#### Dataset content ####

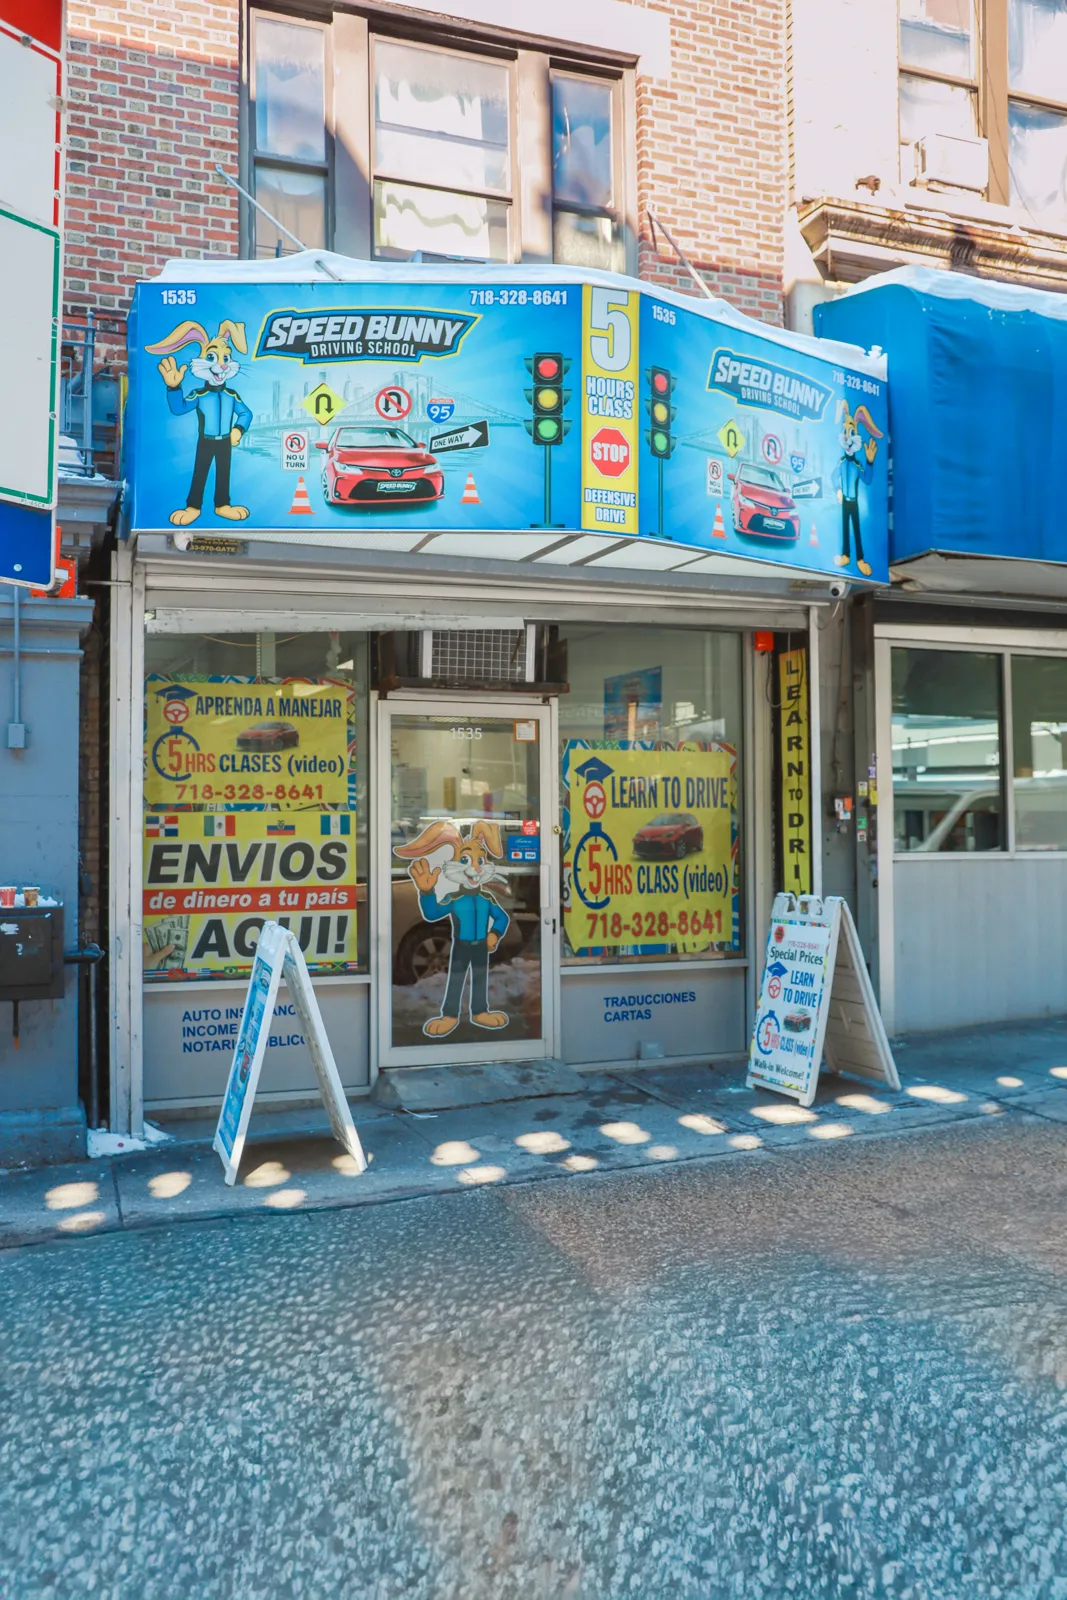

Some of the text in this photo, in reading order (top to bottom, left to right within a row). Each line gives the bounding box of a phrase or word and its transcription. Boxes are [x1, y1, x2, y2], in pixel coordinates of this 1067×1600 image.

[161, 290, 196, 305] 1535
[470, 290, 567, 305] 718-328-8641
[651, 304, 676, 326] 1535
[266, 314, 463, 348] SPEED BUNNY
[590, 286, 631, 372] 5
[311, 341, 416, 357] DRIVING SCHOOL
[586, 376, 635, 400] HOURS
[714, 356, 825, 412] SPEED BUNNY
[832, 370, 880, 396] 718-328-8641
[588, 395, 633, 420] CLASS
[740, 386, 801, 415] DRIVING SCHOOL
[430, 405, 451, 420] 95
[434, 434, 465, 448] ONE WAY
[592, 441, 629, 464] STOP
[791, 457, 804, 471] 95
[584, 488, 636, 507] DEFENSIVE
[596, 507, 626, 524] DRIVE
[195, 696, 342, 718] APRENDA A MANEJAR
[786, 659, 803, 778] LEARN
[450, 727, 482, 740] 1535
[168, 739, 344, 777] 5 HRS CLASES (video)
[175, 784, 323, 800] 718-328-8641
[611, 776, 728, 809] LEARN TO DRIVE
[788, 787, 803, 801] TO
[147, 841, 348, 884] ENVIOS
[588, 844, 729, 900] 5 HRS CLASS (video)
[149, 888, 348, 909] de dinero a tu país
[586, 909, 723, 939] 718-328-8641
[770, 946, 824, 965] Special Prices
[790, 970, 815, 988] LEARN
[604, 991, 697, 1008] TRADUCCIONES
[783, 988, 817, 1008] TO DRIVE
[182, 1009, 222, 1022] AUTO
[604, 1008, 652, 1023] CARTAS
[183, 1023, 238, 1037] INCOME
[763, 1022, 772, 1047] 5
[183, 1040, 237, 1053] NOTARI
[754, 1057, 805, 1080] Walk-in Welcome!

####

■ **Your objective**
Restate each of the entries above word for word and skip every image.

■ **Solution for this problem**
Some of the text in this photo, in reading order (top to bottom, left to right within a row). Each line gives the bounding box of a phrase or word and its transcription. Boxes are [x1, y1, x2, y2], in pixel coordinates of this 1067×1600 image.

[161, 290, 196, 305] 1535
[470, 290, 567, 305] 718-328-8641
[651, 304, 676, 326] 1535
[266, 314, 463, 348] SPEED BUNNY
[590, 286, 631, 372] 5
[311, 341, 416, 357] DRIVING SCHOOL
[586, 376, 635, 400] HOURS
[714, 356, 825, 412] SPEED BUNNY
[832, 370, 880, 396] 718-328-8641
[588, 395, 633, 420] CLASS
[740, 386, 801, 415] DRIVING SCHOOL
[430, 405, 451, 420] 95
[434, 434, 465, 448] ONE WAY
[592, 441, 629, 464] STOP
[791, 457, 804, 471] 95
[584, 488, 636, 507] DEFENSIVE
[596, 507, 626, 524] DRIVE
[195, 696, 342, 718] APRENDA A MANEJAR
[786, 659, 803, 778] LEARN
[450, 727, 482, 740] 1535
[168, 739, 344, 777] 5 HRS CLASES (video)
[175, 784, 323, 800] 718-328-8641
[611, 776, 728, 809] LEARN TO DRIVE
[788, 787, 803, 801] TO
[147, 841, 348, 884] ENVIOS
[588, 844, 729, 900] 5 HRS CLASS (video)
[149, 888, 348, 909] de dinero a tu país
[586, 909, 723, 939] 718-328-8641
[770, 946, 824, 965] Special Prices
[790, 970, 815, 988] LEARN
[604, 991, 697, 1008] TRADUCCIONES
[783, 988, 817, 1008] TO DRIVE
[182, 1009, 222, 1022] AUTO
[604, 1008, 652, 1023] CARTAS
[183, 1023, 238, 1037] INCOME
[763, 1022, 772, 1047] 5
[183, 1040, 237, 1053] NOTARI
[754, 1057, 805, 1080] Walk-in Welcome!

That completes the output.